### Problem to solve
The text of every record, exactly as given and with no pictures, should be your output.

Top of Records shown

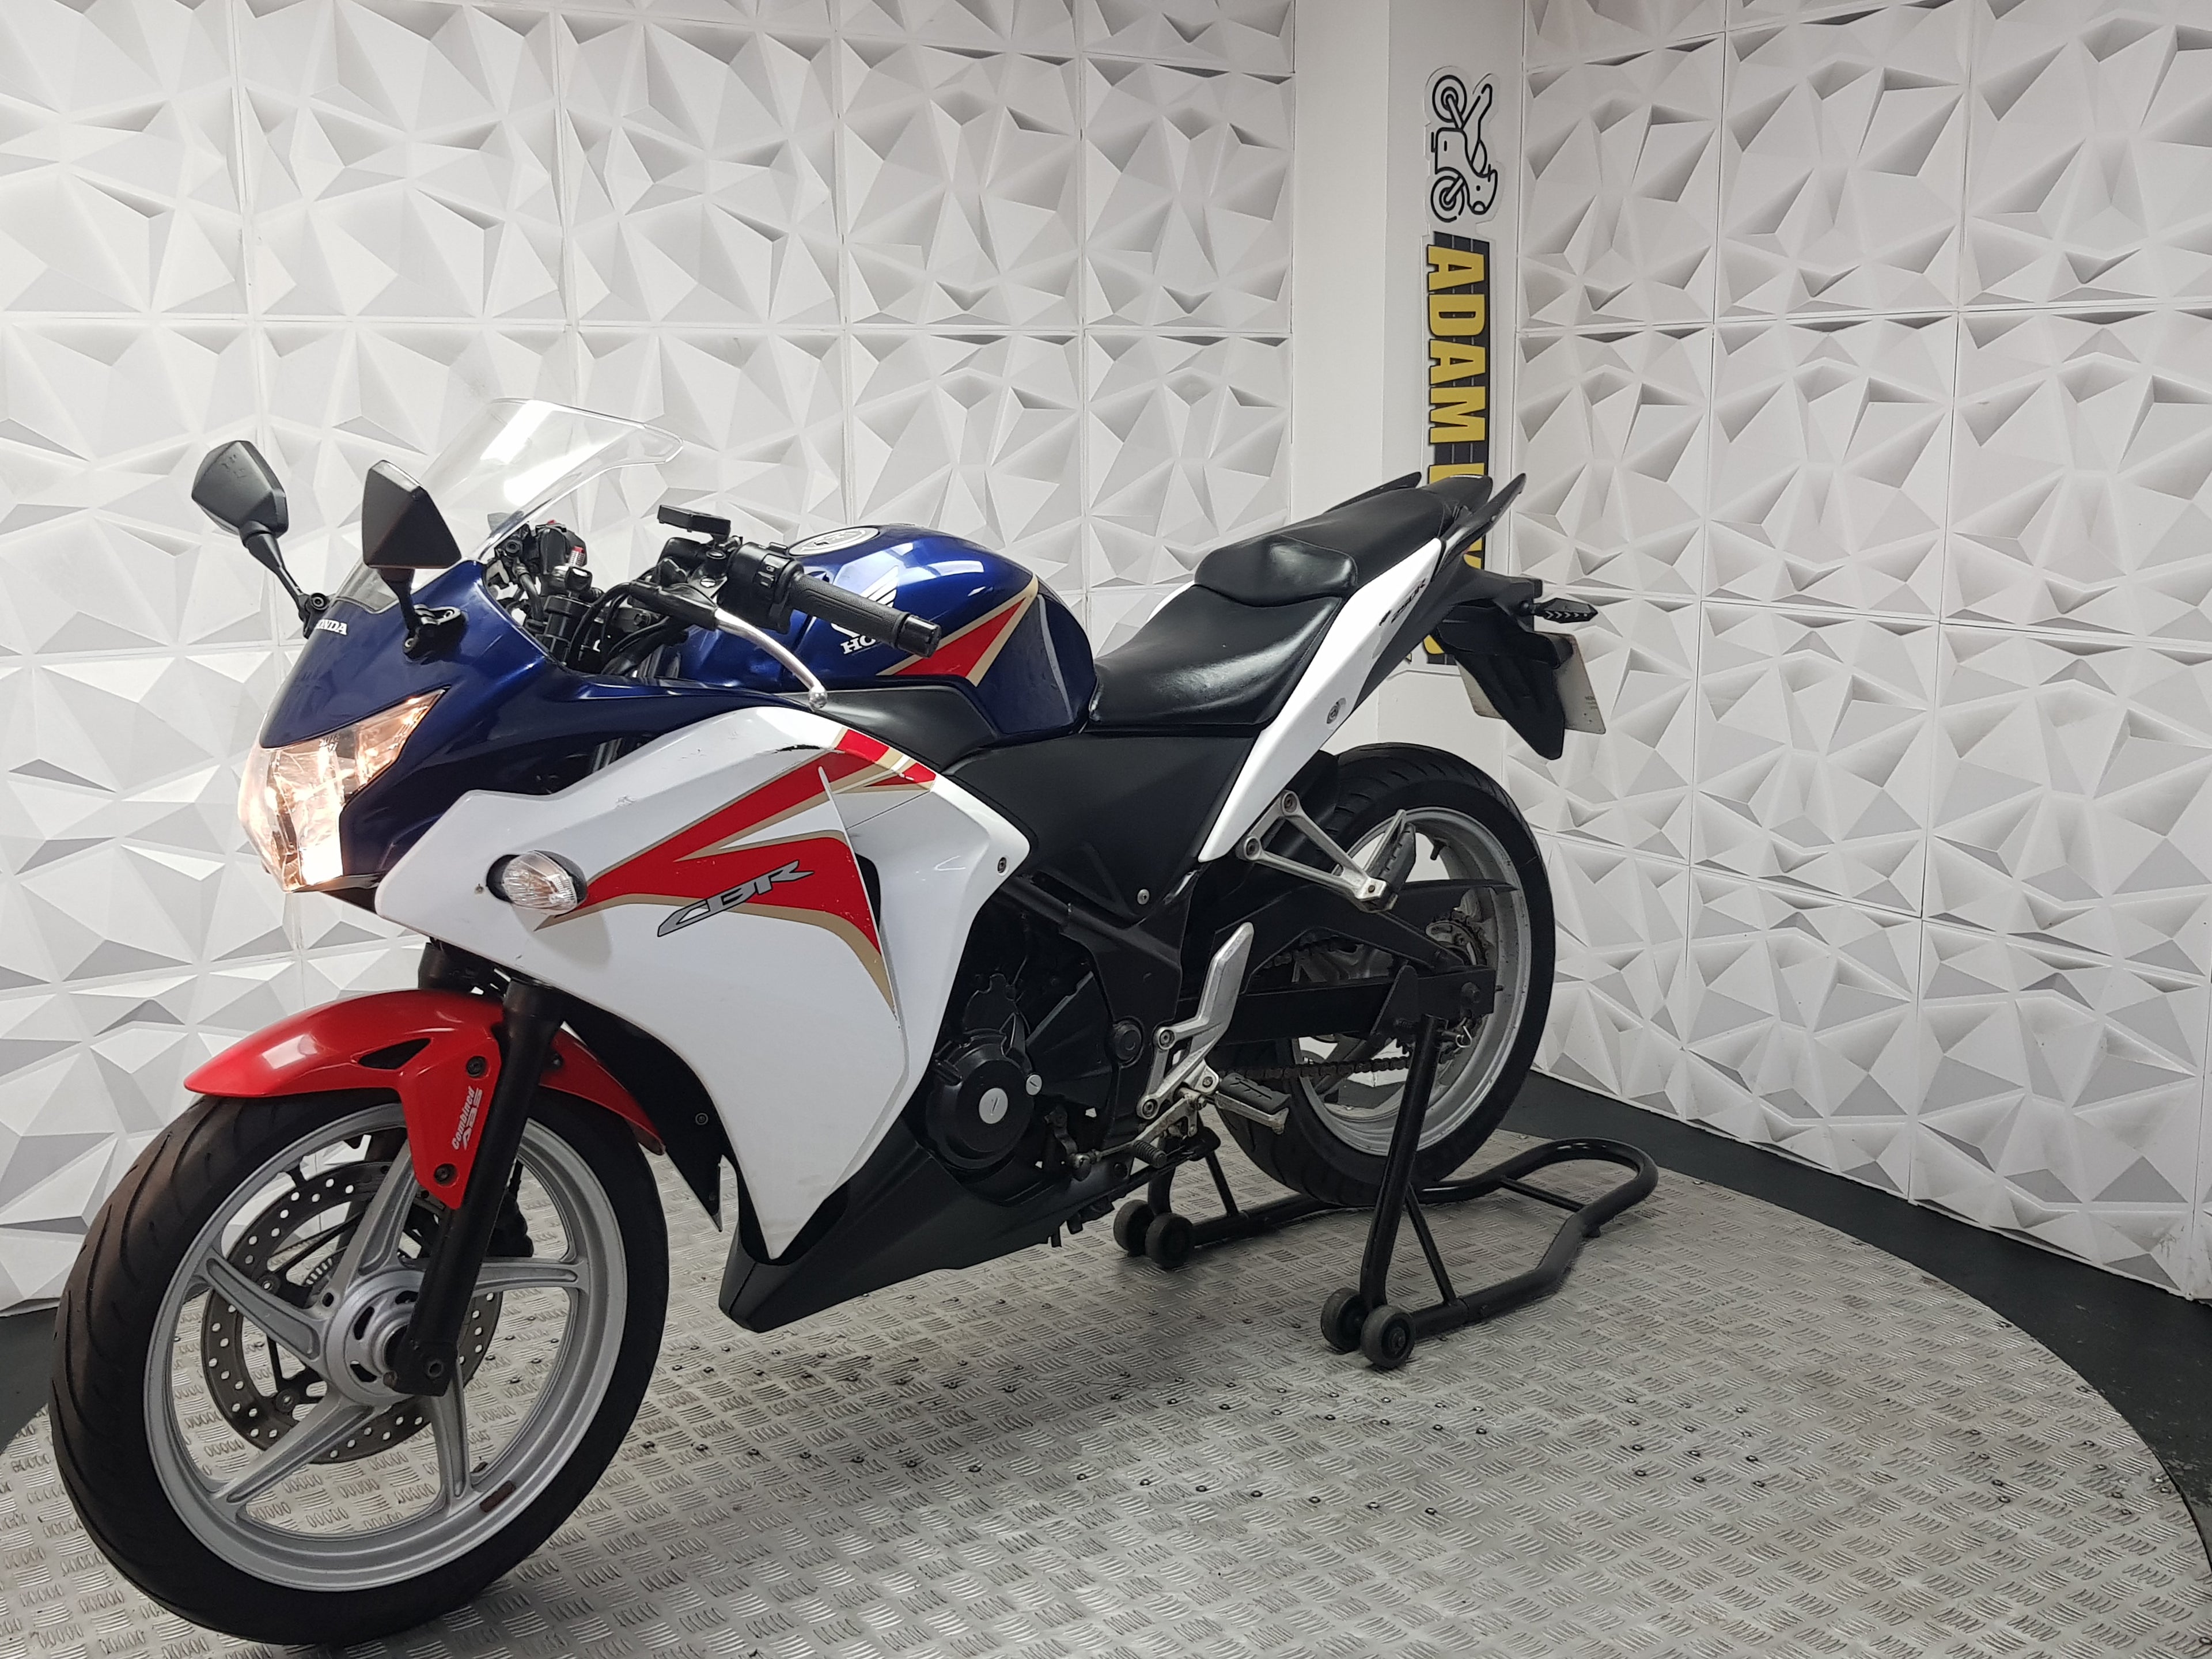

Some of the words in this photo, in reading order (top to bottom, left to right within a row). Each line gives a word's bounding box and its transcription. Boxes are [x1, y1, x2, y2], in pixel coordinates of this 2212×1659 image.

[1427, 244, 1486, 444] ADAM
[315, 619, 347, 635] ONDA
[657, 859, 815, 937] CBR
[452, 1085, 475, 1150] Combined
[463, 1087, 483, 1150] ABS

Bottom of Records shown

### Exercise output
Some of the words in this photo, in reading order (top to bottom, left to right within a row). Each line gives a word's bounding box and its transcription. Boxes are [x1, y1, x2, y2], in pixel coordinates of this 2212×1659 image.

[1427, 244, 1486, 444] ADAM
[315, 619, 347, 635] ONDA
[657, 859, 815, 937] CBR
[452, 1085, 475, 1150] Combined
[463, 1087, 483, 1150] ABS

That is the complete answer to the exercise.